Norseman C.B.:, the PB Blaster and a bit of shock treatment did the trick. Thank's again!


----------



## jmarkwolf (Oct 15, 2021)

rb67mustang said:


> You mention a Bar Clamp. Do you mean a furniture clamp? I'm also not sure where you attached the clamp.



Irwin quick grip style clamps is what I used. Rubber tips prevent any marring.



			Amazon.com


----------



## rb67mustang (Oct 15, 2021)

jmarkwolf said:


> Irwin quick grip style clamps is what I used. Rubber tips prevent any marring.
> 
> 
> 
> Amazon.com


Thank you again, jmarkwolf, I should have known, I have a couple of those that are probably 24." I think you've noticed that the Ram is finally Free. My BP is in my garage; it's dry out there and the roof doesn't leak, but it's not heated. My plan is to move the ram once a week through it's full travel and keep it lubed. I wonder what the best lubricant would be for the ram seeing the dovetail is a very close fit?


----------



## rb67mustang (Oct 15, 2021)

rb67mustang said:


> Here's a short video of the BP coming to LIFE for the first time in my shop/garage at 7:46 PM on September 29, 2021. I'm sorry the video is a bit jumpy, but it is what it is.

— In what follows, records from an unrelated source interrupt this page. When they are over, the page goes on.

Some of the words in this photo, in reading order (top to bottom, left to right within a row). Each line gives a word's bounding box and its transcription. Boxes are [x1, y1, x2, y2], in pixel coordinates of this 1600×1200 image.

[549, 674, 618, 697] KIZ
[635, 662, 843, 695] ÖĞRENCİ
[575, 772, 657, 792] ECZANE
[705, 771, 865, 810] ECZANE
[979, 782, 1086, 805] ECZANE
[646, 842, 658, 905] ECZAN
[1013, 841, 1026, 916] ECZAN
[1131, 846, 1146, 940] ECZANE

Notice the cloud of dust coming out of the pulley housing when the motor started.


Thanks for the like, devils4ever, I appreciate you taking a look at my project.


----------



## rb67mustang (Oct 22, 2021)

Now the Ram is Free, I removed the ram locks, cleaned and greased them and then reinstalled. Moving the Ram with a ratchet hold down strap worked, but it was a bit of a pain in the butt. 

Images: #1 Both Locks removed, cleaned & Greased. #2 Front lock pocket cleaned. #3 Lock in place and head set at 0 Degrees. #4 Ratchet Strap in place ready to pull the ram forward.


----------



## rb67mustang (Oct 22, 2021)

Video Ram pulled forward with ratchet hold down strap'


----------



## rb67mustang (Oct 22, 2021)

Rear Ram Lock reinstalled and ready to move the Ram Backward.

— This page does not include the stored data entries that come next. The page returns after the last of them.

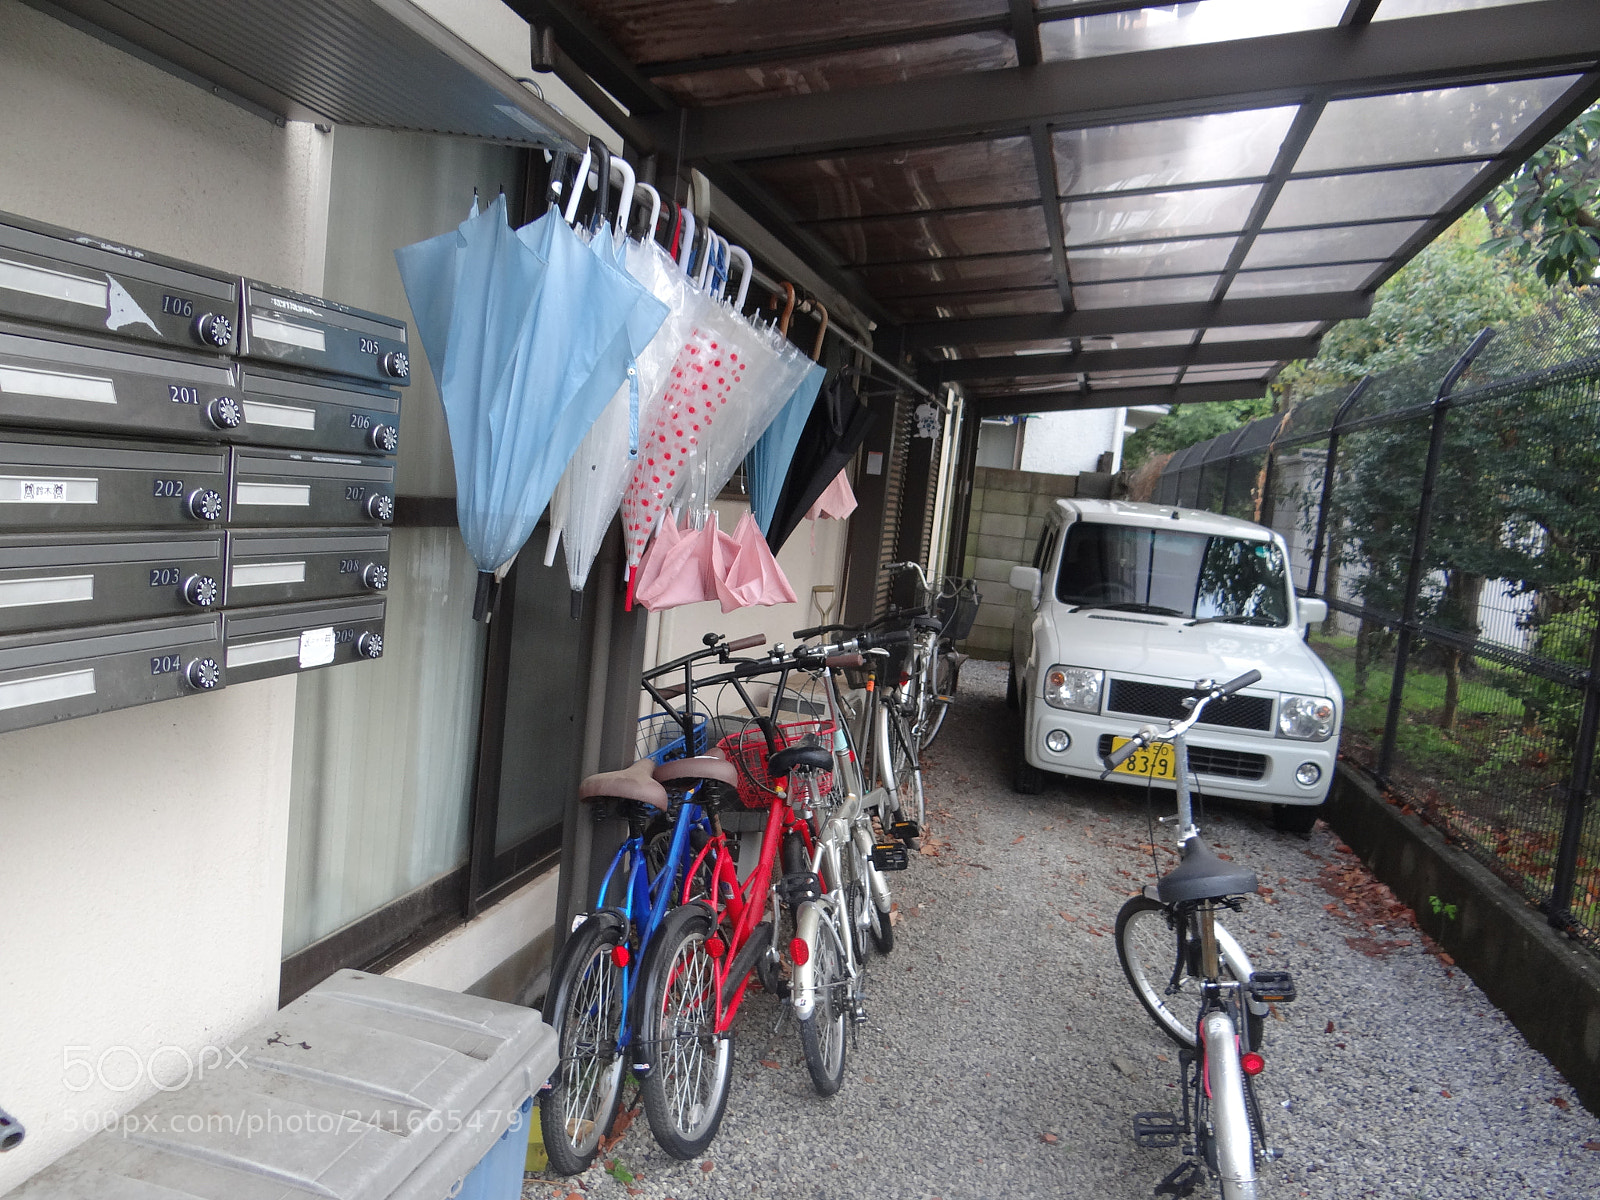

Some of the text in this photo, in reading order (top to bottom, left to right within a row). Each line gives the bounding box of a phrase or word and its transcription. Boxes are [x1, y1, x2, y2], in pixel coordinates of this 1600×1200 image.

[162, 296, 193, 317] 106
[359, 338, 380, 355] 205
[170, 385, 199, 405] 201
[350, 414, 371, 430] 206
[154, 480, 184, 498] 202
[345, 486, 366, 500] 207
[339, 559, 360, 574] 208
[151, 569, 181, 586] 203
[335, 629, 355, 645] 209
[152, 655, 182, 674] 204

Ram Finished shop cleaned up a bit to move the machine away from the wall


----------



## rb67mustang (Oct 22, 2021)

I'm finish with the Ram. Now to move the machine away from the wall so the ram has its full range of movement.


----------



## rb67mustang (Oct 22, 2021)

Video of the Move from the wall.


----------



## Steve-F (Oct 23, 2021)




----------



## jmarkwolf (Oct 23, 2021)

Good job mustang! My old Bridgeport had been moved by Bubba and his forklift under the dove tails without any cushion, damaging the forward end of the dovetails. Consequently, I was never to get complete excursion on my ram, but almost. Certainly more excursion than I ever needed.


----------



## rb67mustang (Oct 23, 2021)

Steve-F said:


>


Thank you very much, Steve. I have more to post later today. I fixed the Y axis problem and it was so easy when I realized what the problem was. I also started to mock up the power feed to figure out the shaft I need to make for it.


----------



## rb67mustang (Oct 23, 2021)

jmarkwolf said:


> Good job mustang! My old Bridgeport had been moved by Bubba and his forklift under the dove tails without any cushion, damaging the forward end of the dovetails. Consequently, I was never to get complete excursion on my ram, but almost. Certainly more excursion than I ever needed.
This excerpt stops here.